▶ [Task directions]: In your copy, leave out the pictures and repeat every record exactly.

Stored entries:
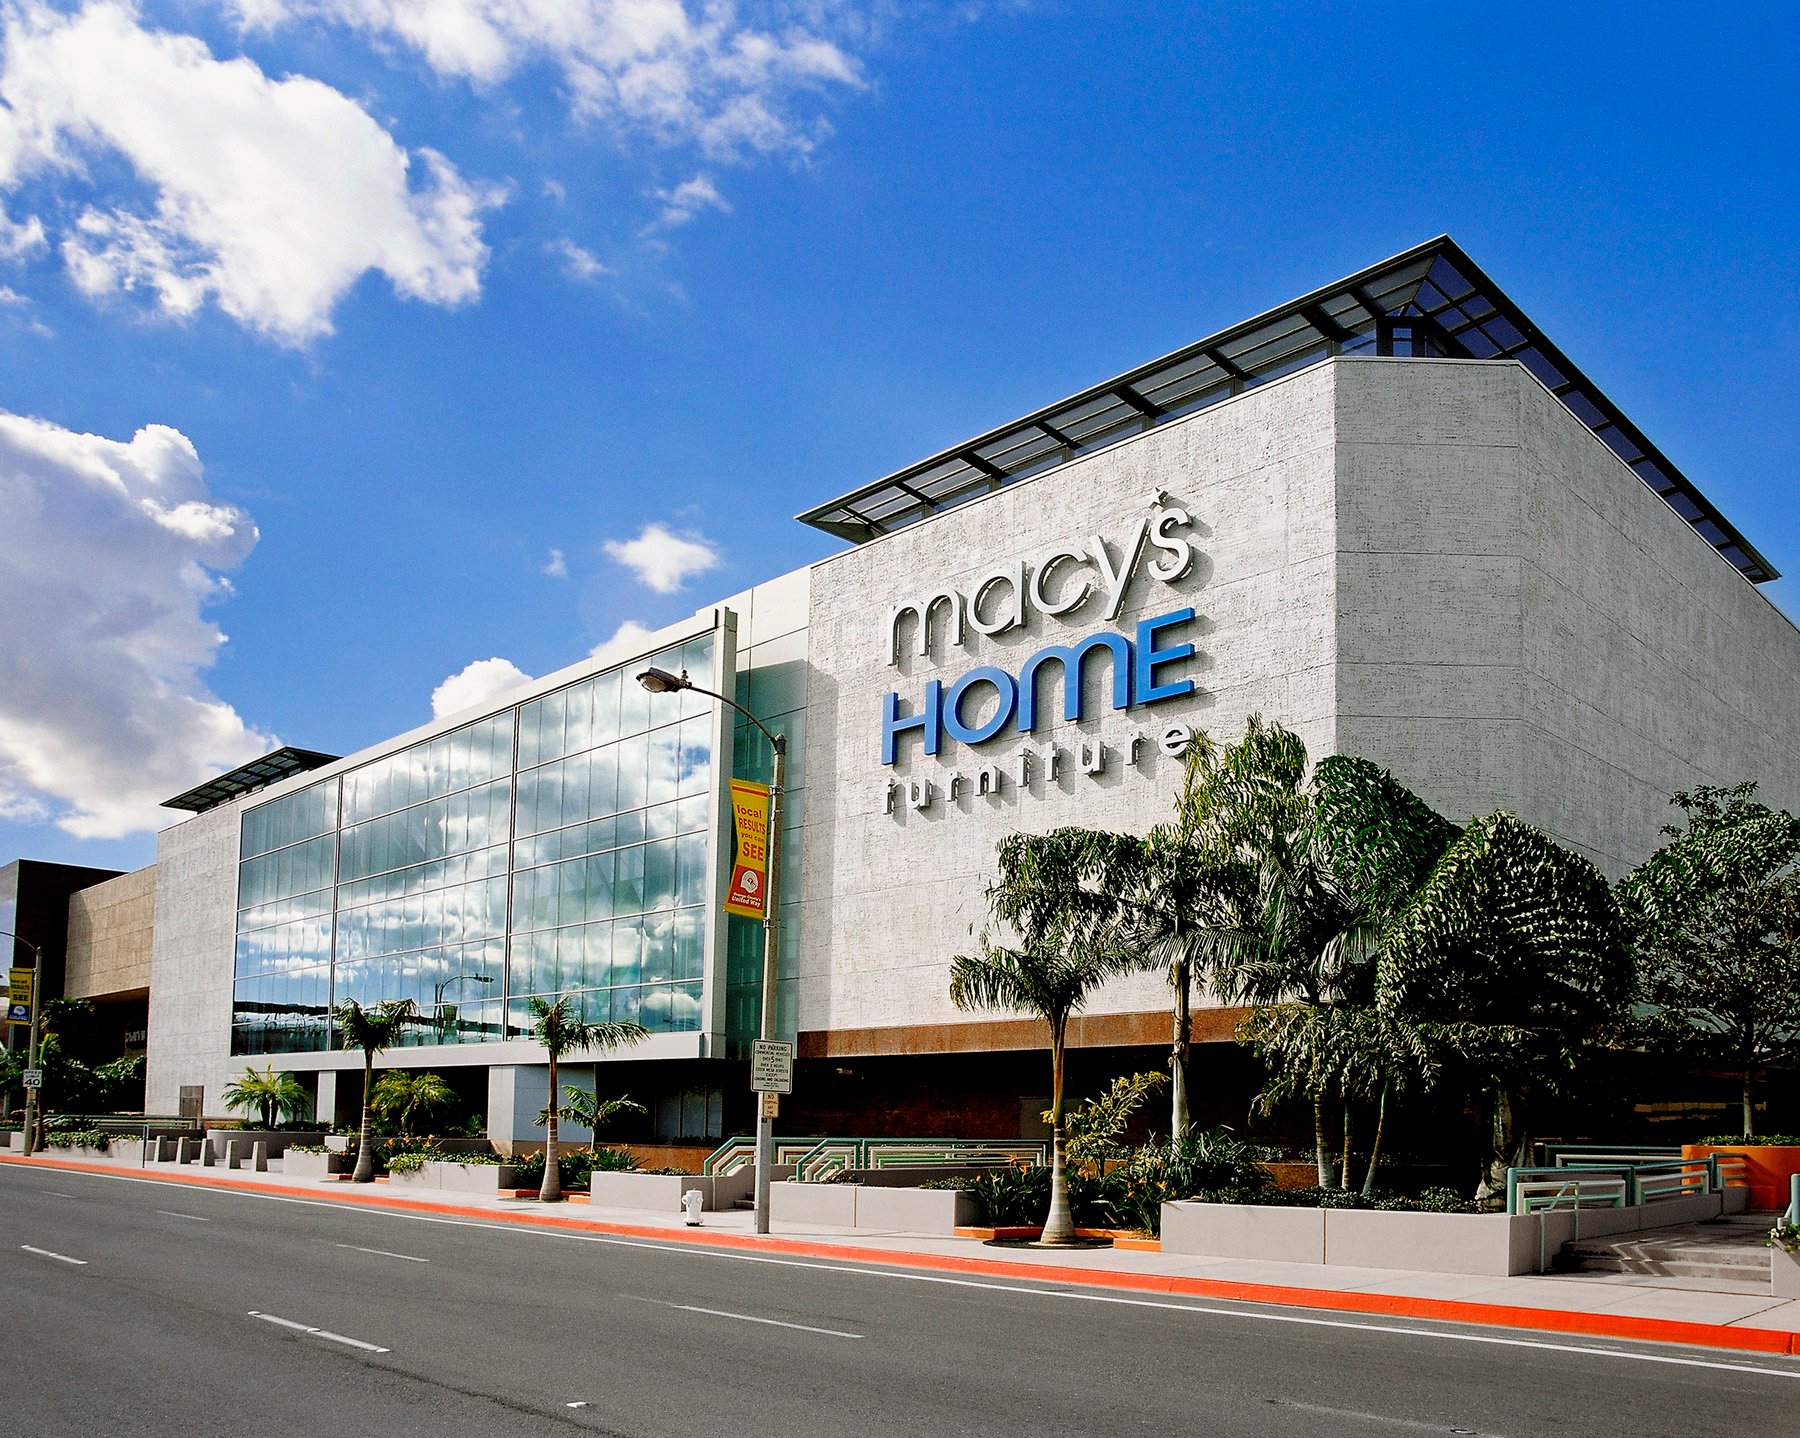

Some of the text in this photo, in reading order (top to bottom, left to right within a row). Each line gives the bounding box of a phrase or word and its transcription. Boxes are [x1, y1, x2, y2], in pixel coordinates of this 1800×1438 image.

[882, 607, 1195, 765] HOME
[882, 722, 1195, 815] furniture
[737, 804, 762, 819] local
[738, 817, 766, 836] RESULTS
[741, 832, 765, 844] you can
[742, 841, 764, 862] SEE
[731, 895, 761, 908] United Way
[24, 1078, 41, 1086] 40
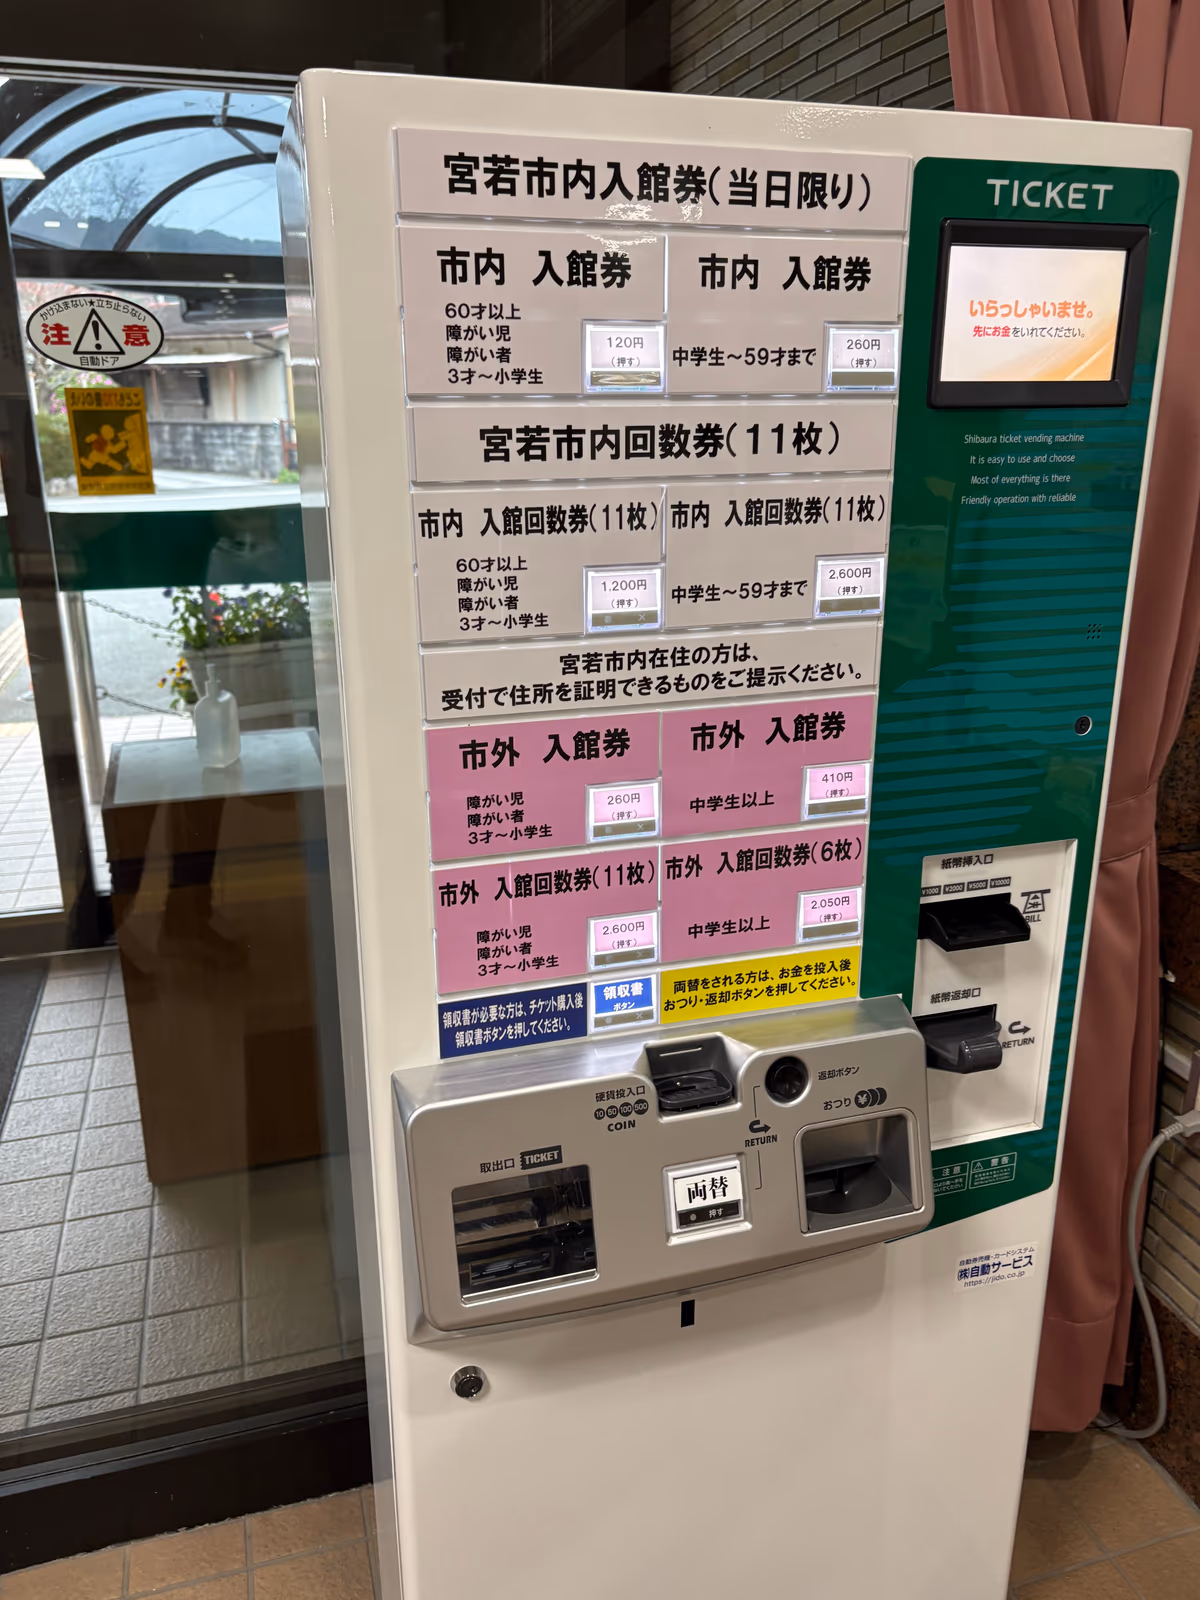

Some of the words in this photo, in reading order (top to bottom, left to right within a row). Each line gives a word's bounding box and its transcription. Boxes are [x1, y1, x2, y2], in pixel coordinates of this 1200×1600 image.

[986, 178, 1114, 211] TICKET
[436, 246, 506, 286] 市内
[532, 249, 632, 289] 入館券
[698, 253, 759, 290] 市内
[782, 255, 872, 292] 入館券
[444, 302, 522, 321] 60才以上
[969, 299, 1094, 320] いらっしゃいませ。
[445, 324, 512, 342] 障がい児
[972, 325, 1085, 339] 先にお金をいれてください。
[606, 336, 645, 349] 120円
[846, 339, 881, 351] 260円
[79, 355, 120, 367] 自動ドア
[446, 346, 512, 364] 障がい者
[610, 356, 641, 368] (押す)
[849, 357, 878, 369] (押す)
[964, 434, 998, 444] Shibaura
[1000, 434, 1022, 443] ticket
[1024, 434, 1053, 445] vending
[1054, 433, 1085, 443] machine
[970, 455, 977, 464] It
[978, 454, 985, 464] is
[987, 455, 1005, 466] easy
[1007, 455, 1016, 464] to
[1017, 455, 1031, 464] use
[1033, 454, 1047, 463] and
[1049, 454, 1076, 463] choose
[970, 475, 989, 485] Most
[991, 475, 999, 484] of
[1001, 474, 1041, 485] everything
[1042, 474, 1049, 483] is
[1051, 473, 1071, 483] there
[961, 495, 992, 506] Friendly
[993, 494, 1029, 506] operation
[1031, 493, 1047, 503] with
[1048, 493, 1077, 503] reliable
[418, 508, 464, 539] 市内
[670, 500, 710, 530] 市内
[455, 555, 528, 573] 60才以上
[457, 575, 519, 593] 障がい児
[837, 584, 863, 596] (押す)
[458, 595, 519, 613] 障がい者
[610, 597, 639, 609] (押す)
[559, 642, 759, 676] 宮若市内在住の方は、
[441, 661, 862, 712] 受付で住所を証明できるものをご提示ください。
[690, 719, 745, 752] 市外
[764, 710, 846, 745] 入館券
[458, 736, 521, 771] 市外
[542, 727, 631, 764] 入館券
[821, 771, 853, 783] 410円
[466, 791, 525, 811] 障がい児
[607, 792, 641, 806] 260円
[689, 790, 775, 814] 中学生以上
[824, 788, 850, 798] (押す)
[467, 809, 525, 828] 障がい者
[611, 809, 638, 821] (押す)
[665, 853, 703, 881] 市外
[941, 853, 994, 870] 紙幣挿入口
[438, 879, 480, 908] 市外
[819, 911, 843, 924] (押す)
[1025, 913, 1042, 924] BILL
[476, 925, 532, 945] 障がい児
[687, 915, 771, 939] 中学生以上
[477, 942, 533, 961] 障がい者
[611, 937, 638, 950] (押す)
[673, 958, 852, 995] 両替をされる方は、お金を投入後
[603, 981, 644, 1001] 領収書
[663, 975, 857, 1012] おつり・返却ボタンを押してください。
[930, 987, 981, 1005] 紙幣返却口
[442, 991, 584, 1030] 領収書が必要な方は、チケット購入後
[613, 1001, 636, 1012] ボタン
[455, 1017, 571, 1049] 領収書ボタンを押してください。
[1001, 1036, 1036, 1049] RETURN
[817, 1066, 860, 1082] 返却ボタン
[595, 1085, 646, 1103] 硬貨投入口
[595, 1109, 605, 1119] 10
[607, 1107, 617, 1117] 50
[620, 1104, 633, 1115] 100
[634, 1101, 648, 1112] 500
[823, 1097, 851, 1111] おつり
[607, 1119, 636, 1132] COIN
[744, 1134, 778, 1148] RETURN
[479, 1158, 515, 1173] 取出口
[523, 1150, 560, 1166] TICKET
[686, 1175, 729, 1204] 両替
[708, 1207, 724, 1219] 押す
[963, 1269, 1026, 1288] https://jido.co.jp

▶ [Exercise response]:
Some of the text in this photo, in reading order (top to bottom, left to right within a row). Each line gives the bounding box of a phrase or word and its transcription. Boxes are [x1, y1, x2, y2], in pixel coordinates of this 1800×1438 image.

[882, 607, 1195, 765] HOME
[882, 722, 1195, 815] furniture
[737, 804, 762, 819] local
[738, 817, 766, 836] RESULTS
[741, 832, 765, 844] you can
[742, 841, 764, 862] SEE
[731, 895, 761, 908] United Way
[24, 1078, 41, 1086] 40

Some of the words in this photo, in reading order (top to bottom, left to right within a row). Each line gives a word's bounding box and its transcription. Boxes are [x1, y1, x2, y2], in pixel coordinates of this 1200×1600 image.

[986, 178, 1114, 211] TICKET
[436, 246, 506, 286] 市内
[532, 249, 632, 289] 入館券
[698, 253, 759, 290] 市内
[782, 255, 872, 292] 入館券
[444, 302, 522, 321] 60才以上
[969, 299, 1094, 320] いらっしゃいませ。
[445, 324, 512, 342] 障がい児
[972, 325, 1085, 339] 先にお金をいれてください。
[606, 336, 645, 349] 120円
[846, 339, 881, 351] 260円
[79, 355, 120, 367] 自動ドア
[446, 346, 512, 364] 障がい者
[610, 356, 641, 368] (押す)
[849, 357, 878, 369] (押す)
[964, 434, 998, 444] Shibaura
[1000, 434, 1022, 443] ticket
[1024, 434, 1053, 445] vending
[1054, 433, 1085, 443] machine
[970, 455, 977, 464] It
[978, 454, 985, 464] is
[987, 455, 1005, 466] easy
[1007, 455, 1016, 464] to
[1017, 455, 1031, 464] use
[1033, 454, 1047, 463] and
[1049, 454, 1076, 463] choose
[970, 475, 989, 485] Most
[991, 475, 999, 484] of
[1001, 474, 1041, 485] everything
[1042, 474, 1049, 483] is
[1051, 473, 1071, 483] there
[961, 495, 992, 506] Friendly
[993, 494, 1029, 506] operation
[1031, 493, 1047, 503] with
[1048, 493, 1077, 503] reliable
[418, 508, 464, 539] 市内
[670, 500, 710, 530] 市内
[455, 555, 528, 573] 60才以上
[457, 575, 519, 593] 障がい児
[837, 584, 863, 596] (押す)
[458, 595, 519, 613] 障がい者
[610, 597, 639, 609] (押す)
[559, 642, 759, 676] 宮若市内在住の方は、
[441, 661, 862, 712] 受付で住所を証明できるものをご提示ください。
[690, 719, 745, 752] 市外
[764, 710, 846, 745] 入館券
[458, 736, 521, 771] 市外
[542, 727, 631, 764] 入館券
[821, 771, 853, 783] 410円
[466, 791, 525, 811] 障がい児
[607, 792, 641, 806] 260円
[689, 790, 775, 814] 中学生以上
[824, 788, 850, 798] (押す)
[467, 809, 525, 828] 障がい者
[611, 809, 638, 821] (押す)
[665, 853, 703, 881] 市外
[941, 853, 994, 870] 紙幣挿入口
[438, 879, 480, 908] 市外
[819, 911, 843, 924] (押す)
[1025, 913, 1042, 924] BILL
[476, 925, 532, 945] 障がい児
[687, 915, 771, 939] 中学生以上
[477, 942, 533, 961] 障がい者
[611, 937, 638, 950] (押す)
[673, 958, 852, 995] 両替をされる方は、お金を投入後
[603, 981, 644, 1001] 領収書
[663, 975, 857, 1012] おつり・返却ボタンを押してください。
[930, 987, 981, 1005] 紙幣返却口
[442, 991, 584, 1030] 領収書が必要な方は、チケット購入後
[613, 1001, 636, 1012] ボタン
[455, 1017, 571, 1049] 領収書ボタンを押してください。
[1001, 1036, 1036, 1049] RETURN
[817, 1066, 860, 1082] 返却ボタン
[595, 1085, 646, 1103] 硬貨投入口
[595, 1109, 605, 1119] 10
[607, 1107, 617, 1117] 50
[620, 1104, 633, 1115] 100
[634, 1101, 648, 1112] 500
[823, 1097, 851, 1111] おつり
[607, 1119, 636, 1132] COIN
[744, 1134, 778, 1148] RETURN
[479, 1158, 515, 1173] 取出口
[523, 1150, 560, 1166] TICKET
[686, 1175, 729, 1204] 両替
[708, 1207, 724, 1219] 押す
[963, 1269, 1026, 1288] https://jido.co.jp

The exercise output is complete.